Guarda pressiona Governo a instalar uma das Grandes Áreas Empresariais na cidade
Apresentada por José Valbom, da coligação Pela Guarda/Nós, Cidadãos, que governa a autarquia e tem maioria na Assembleia Municipal, a moção foi aprovada com 76 votos favoráveis.
O ministro da Economia e Coesão Territorial, Manuel Castro Almeida, anunciou, no final de maio, que o Governo tenciona criar seis Grandes Áreas Empresariais (GAE) no país, no âmbito do Plano de Transformação, Recuperação e Resiliência (PTRR).
O objetivo é “reforçar a capacidade de acolhimento de investimento e promover um desenvolvimento mais equilibrado do território”, mas também criar alternativas a Sines, que já não terá capacidade para acolher grandes empresas.
No caso da região Centro, está prevista uma localização no litoral e outra no interior, sendo que a Guarda apresenta “uma localização geoestratégica ímpar, afirmando-se como verdadeira porta de entrada para a Europa”, realça-se na moção, a que a agência Lusa teve acesso.
“Tem excelentes acessibilidades rodoviárias – A23, A25, IP2 e futuro IC7 – e ligação ferroviária pela Linha da Beira Alta, Linha da Beira Baixa e, futuramente, TGV, integrando os principais corredores logísticos ibéricos e europeus”.
A Assembleia Municipal da Guarda lembra que o concelho integra o Grupo de Interesse do Corredor Atlântico e dispõe do único Porto Seco do país, projeto que “reforça a ambição de afirmar a Guarda como hub logístico de referência”.
“Está em curso a quarta fase da PLIE [Plataforma Logística de Iniciativa Empresarial], o que evidencia a capacidade de expansão e procura empresarial”.
Já o novo Plano Diretor Municipal (PDM), que aguarda publicação em Diário da República para entrar em vigor, vai disponibilizar “mais 1.000 hectares de solo industrial com mais de 600 hectares de reserva, garantindo escala e resposta imediata a investimentos de grande dimensão”.
Outro argumento para a instalação de uma GAE é a criação da empresa municipal Guarda Viva para gerir os parques empresariais.
A Assembleia Municipal recomenda, por isso, à autarquia e à Guarda Viva que disponibilizem “todos os meios necessários, com a brevidade possível, para assegurar uma implementação rápida, coordenada e competitiva deste projeto estratégico para toda a região e para o país”.
Ricardo Neves de Sousa, do PSD, justificou o voto favorável dos sociais-democratas por considerar que a criação de seis GAE é “uma oportunidade rara, daquelas que têm potencial para alterar o rumo de um território durante décadas.
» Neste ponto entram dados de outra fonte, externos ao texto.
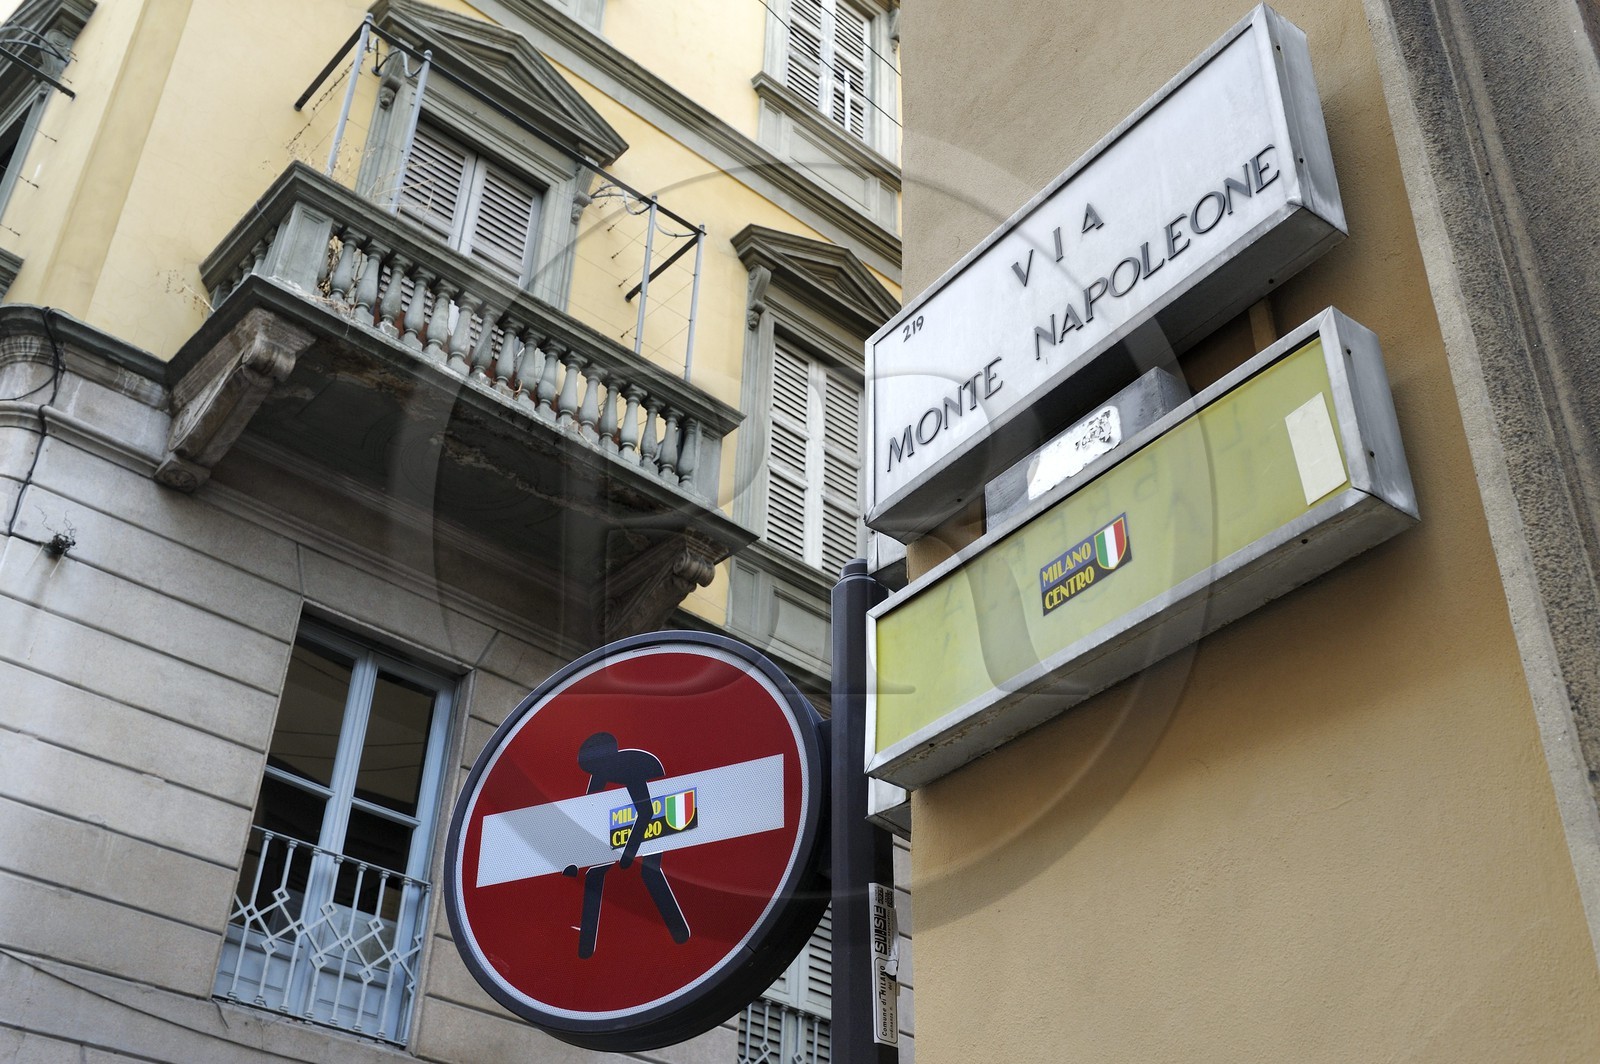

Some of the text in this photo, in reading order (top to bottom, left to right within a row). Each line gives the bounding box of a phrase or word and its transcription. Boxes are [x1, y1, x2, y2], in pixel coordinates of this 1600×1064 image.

[1011, 202, 1104, 287] VIA
[886, 356, 1003, 472] MONTE
[1033, 144, 1281, 360] NAPOLEONE
[902, 315, 925, 343] 219
[1042, 542, 1092, 588] MILANO
[1044, 565, 1095, 610] CENTRO
[612, 800, 662, 826] MILO
[612, 820, 662, 846] CERO
A Guarda não pode desperdiçá-la”.
“Mas esta ambição não se concretizará apenas porque a Guarda tem bons argumentos, será necessário vontade política, capacidade de mobilização e uma ação concertada de todas as entidades”, avisou.
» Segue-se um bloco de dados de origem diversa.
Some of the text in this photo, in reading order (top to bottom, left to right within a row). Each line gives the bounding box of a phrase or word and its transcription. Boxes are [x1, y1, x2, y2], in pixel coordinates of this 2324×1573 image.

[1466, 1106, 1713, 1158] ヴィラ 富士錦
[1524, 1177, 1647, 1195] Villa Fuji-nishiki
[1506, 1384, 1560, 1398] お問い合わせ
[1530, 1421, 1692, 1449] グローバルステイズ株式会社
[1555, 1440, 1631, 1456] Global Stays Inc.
O deputado apelou ainda à Comissão Política Distrital do seu partido e à única deputada social-democrata eleita pelo círculo da Guarda para que façam desta candidatura “uma prioridade política junto do Governo”.
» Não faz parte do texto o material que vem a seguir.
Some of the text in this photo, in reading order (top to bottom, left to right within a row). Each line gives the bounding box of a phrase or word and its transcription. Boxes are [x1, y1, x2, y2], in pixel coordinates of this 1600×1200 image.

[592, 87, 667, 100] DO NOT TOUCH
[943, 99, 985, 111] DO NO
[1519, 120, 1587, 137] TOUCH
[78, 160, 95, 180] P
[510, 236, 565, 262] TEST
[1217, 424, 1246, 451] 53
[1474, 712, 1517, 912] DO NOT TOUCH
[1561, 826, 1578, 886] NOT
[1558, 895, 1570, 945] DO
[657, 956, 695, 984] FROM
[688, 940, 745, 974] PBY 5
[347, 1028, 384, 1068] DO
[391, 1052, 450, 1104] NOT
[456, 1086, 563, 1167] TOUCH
Rui Ribeiro, do PS, disse que os socialistas “não poderiam deixar de se associar à ambição de criar na Guarda mais uma área de localização empresarial”.
“Tal como, há 20 anos, o PS ambicionou e criou a PLIE, acompanharemos de perto os desenvolvimentos deste projeto que será, porventura, a primeira prova de fogo da empresa municipal Guarda Viva”, acrescentou.
A moção que reivindica para a Guarda a instalação de uma das Grandes Áreas Empresariais previstas para o interior centro vai ser enviada ao primeiro-ministro e ao ministro da Economia e Coesão Territorial.
Será também endereçada aos três deputados da Assembleia da República eleitos pelo círculo da Guarda [um do PSD, um do PS e um do Chega] e ao presidente da Comissão de Coordenação e Desenvolvimento Regional do Centro (CCDR Centro).